> [ABOUT THIS EXERCISE] The entries that follow should be reproduced exactly, with no images carried over.

> [INPUT FOR THIS TASK]
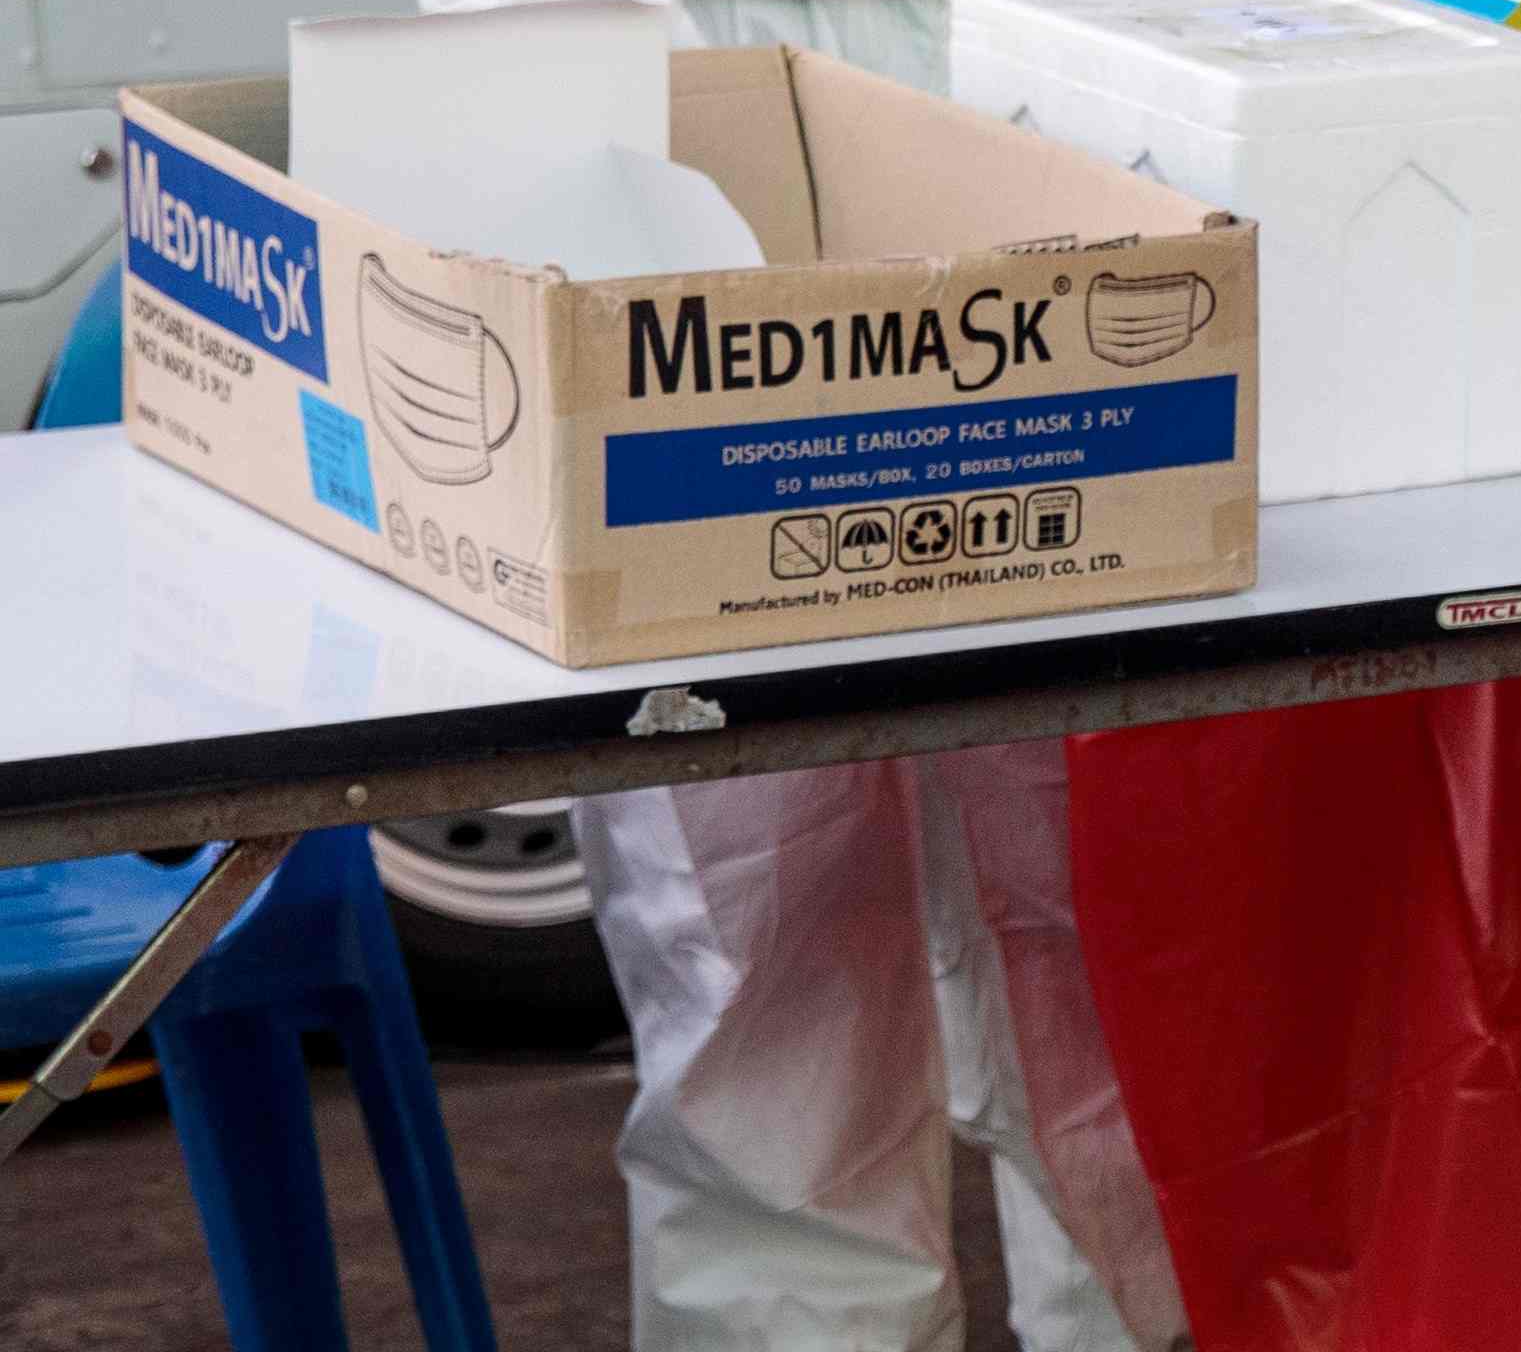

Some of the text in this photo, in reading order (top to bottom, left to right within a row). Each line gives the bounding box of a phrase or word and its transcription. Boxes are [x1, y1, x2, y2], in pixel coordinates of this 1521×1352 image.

[722, 406, 1136, 466] DISPOSABLE EARLOOP FACE MASK 3 PLY
[775, 449, 1086, 496] 50 MASKS/BOX, 20 BOXES/CARTON
[720, 553, 1125, 616] Manufactured by MED-CON (THAILAND) CO., LTD.
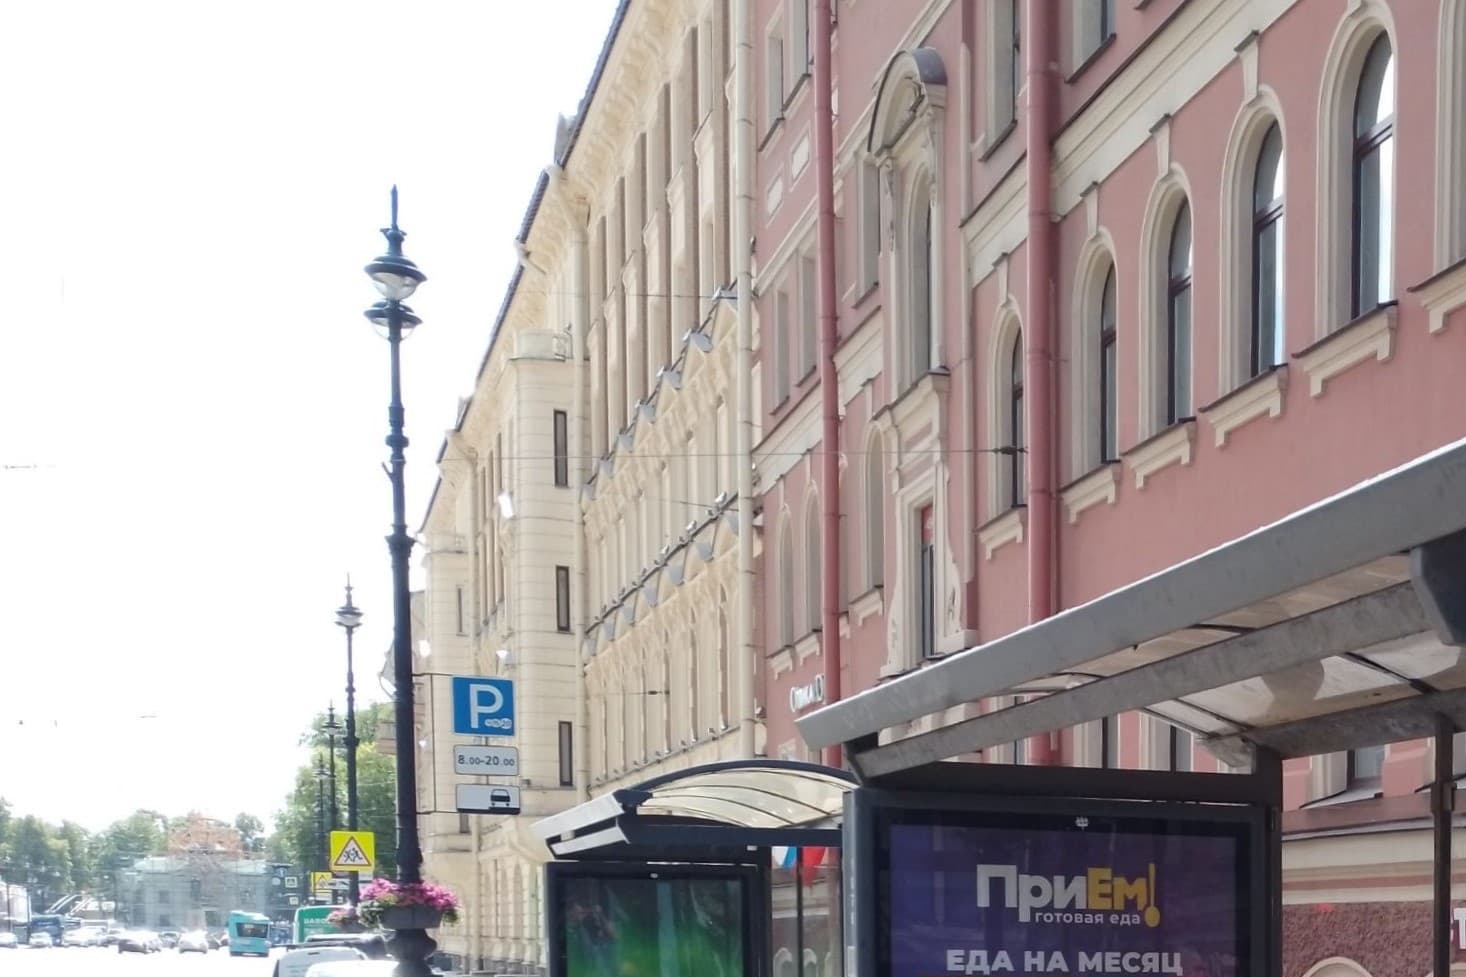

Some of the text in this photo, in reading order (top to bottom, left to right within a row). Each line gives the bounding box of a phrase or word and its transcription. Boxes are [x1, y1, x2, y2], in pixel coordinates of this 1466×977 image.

[458, 754, 515, 767] 8.00-20.00
[1035, 911, 1141, 926] готовая еда
[946, 949, 1183, 976] ЕДА НА МЕСЯЦ

> [OUTPUT OF THE TASK]
Some of the text in this photo, in reading order (top to bottom, left to right within a row). Each line gives the bounding box of a phrase or word and its transcription. Boxes are [x1, y1, x2, y2], in pixel coordinates of this 1521×1352 image.

[722, 406, 1136, 466] DISPOSABLE EARLOOP FACE MASK 3 PLY
[775, 449, 1086, 496] 50 MASKS/BOX, 20 BOXES/CARTON
[720, 553, 1125, 616] Manufactured by MED-CON (THAILAND) CO., LTD.

Some of the text in this photo, in reading order (top to bottom, left to right within a row). Each line gives the bounding box of a phrase or word and its transcription. Boxes are [x1, y1, x2, y2], in pixel coordinates of this 1466×977 image.

[458, 754, 515, 767] 8.00-20.00
[1035, 911, 1141, 926] готовая еда
[946, 949, 1183, 976] ЕДА НА МЕСЯЦ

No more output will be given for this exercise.